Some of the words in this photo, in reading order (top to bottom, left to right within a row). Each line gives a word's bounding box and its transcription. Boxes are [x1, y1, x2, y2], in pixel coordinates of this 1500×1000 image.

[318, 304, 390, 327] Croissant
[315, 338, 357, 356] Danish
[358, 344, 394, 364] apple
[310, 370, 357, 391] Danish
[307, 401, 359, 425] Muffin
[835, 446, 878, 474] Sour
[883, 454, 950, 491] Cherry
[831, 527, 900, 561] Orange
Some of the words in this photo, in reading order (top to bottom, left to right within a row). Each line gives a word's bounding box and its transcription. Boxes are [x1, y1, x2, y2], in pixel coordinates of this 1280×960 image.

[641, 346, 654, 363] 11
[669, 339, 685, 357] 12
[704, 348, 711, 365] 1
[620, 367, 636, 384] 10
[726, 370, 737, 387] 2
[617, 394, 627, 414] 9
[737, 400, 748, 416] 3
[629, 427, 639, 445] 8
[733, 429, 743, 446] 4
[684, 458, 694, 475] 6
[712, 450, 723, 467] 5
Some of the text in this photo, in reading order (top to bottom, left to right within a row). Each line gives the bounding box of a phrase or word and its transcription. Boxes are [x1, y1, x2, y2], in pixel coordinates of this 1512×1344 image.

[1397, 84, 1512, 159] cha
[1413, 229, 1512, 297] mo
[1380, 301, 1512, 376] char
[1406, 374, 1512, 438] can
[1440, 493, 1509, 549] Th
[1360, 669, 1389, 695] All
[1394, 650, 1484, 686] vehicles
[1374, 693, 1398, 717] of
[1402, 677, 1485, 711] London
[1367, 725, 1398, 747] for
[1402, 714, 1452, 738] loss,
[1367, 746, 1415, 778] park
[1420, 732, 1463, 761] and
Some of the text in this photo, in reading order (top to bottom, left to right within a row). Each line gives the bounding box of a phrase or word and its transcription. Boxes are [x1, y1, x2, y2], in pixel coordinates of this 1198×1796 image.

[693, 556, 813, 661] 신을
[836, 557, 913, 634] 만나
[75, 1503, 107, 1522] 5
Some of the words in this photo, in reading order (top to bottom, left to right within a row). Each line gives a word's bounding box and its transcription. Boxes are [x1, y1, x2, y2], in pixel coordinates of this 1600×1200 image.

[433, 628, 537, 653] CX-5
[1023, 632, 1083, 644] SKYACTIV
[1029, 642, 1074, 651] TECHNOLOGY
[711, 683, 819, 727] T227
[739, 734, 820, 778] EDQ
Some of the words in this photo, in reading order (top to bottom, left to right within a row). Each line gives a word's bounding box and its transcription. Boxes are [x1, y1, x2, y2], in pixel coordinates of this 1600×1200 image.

**WHAT TO WORK ON**
The material must be duplicated in full, with each line kept exact.

**RESULT FOR THIS TASK**
Some of the words in this photo, in reading order (top to bottom, left to right within a row). Each line gives a word's bounding box and its transcription. Boxes are [x1, y1, x2, y2], in pixel coordinates of this 1500×1000 image.

[318, 304, 390, 327] Croissant
[315, 338, 357, 356] Danish
[358, 344, 394, 364] apple
[310, 370, 357, 391] Danish
[307, 401, 359, 425] Muffin
[835, 446, 878, 474] Sour
[883, 454, 950, 491] Cherry
[831, 527, 900, 561] Orange
Some of the words in this photo, in reading order (top to bottom, left to right within a row). Each line gives a word's bounding box and its transcription. Boxes are [x1, y1, x2, y2], in pixel coordinates of this 1280×960 image.

[641, 346, 654, 363] 11
[669, 339, 685, 357] 12
[704, 348, 711, 365] 1
[620, 367, 636, 384] 10
[726, 370, 737, 387] 2
[617, 394, 627, 414] 9
[737, 400, 748, 416] 3
[629, 427, 639, 445] 8
[733, 429, 743, 446] 4
[684, 458, 694, 475] 6
[712, 450, 723, 467] 5
Some of the text in this photo, in reading order (top to bottom, left to right within a row). Each line gives the bounding box of a phrase or word and its transcription. Boxes are [x1, y1, x2, y2], in pixel coordinates of this 1512×1344 image.

[1397, 84, 1512, 159] cha
[1413, 229, 1512, 297] mo
[1380, 301, 1512, 376] char
[1406, 374, 1512, 438] can
[1440, 493, 1509, 549] Th
[1360, 669, 1389, 695] All
[1394, 650, 1484, 686] vehicles
[1374, 693, 1398, 717] of
[1402, 677, 1485, 711] London
[1367, 725, 1398, 747] for
[1402, 714, 1452, 738] loss,
[1367, 746, 1415, 778] park
[1420, 732, 1463, 761] and
Some of the text in this photo, in reading order (top to bottom, left to right within a row). Each line gives the bounding box of a phrase or word and its transcription. Boxes are [x1, y1, x2, y2], in pixel coordinates of this 1198×1796 image.

[693, 556, 813, 661] 신을
[836, 557, 913, 634] 만나
[75, 1503, 107, 1522] 5
Some of the words in this photo, in reading order (top to bottom, left to right within a row). Each line gives a word's bounding box and its transcription. Boxes are [x1, y1, x2, y2], in pixel coordinates of this 1600×1200 image.

[433, 628, 537, 653] CX-5
[1023, 632, 1083, 644] SKYACTIV
[1029, 642, 1074, 651] TECHNOLOGY
[711, 683, 819, 727] T227
[739, 734, 820, 778] EDQ
Some of the words in this photo, in reading order (top to bottom, left to right within a row). Each line gives a word's bounding box and its transcription. Boxes are [x1, y1, x2, y2], in pixel coordinates of this 1600×1200 image.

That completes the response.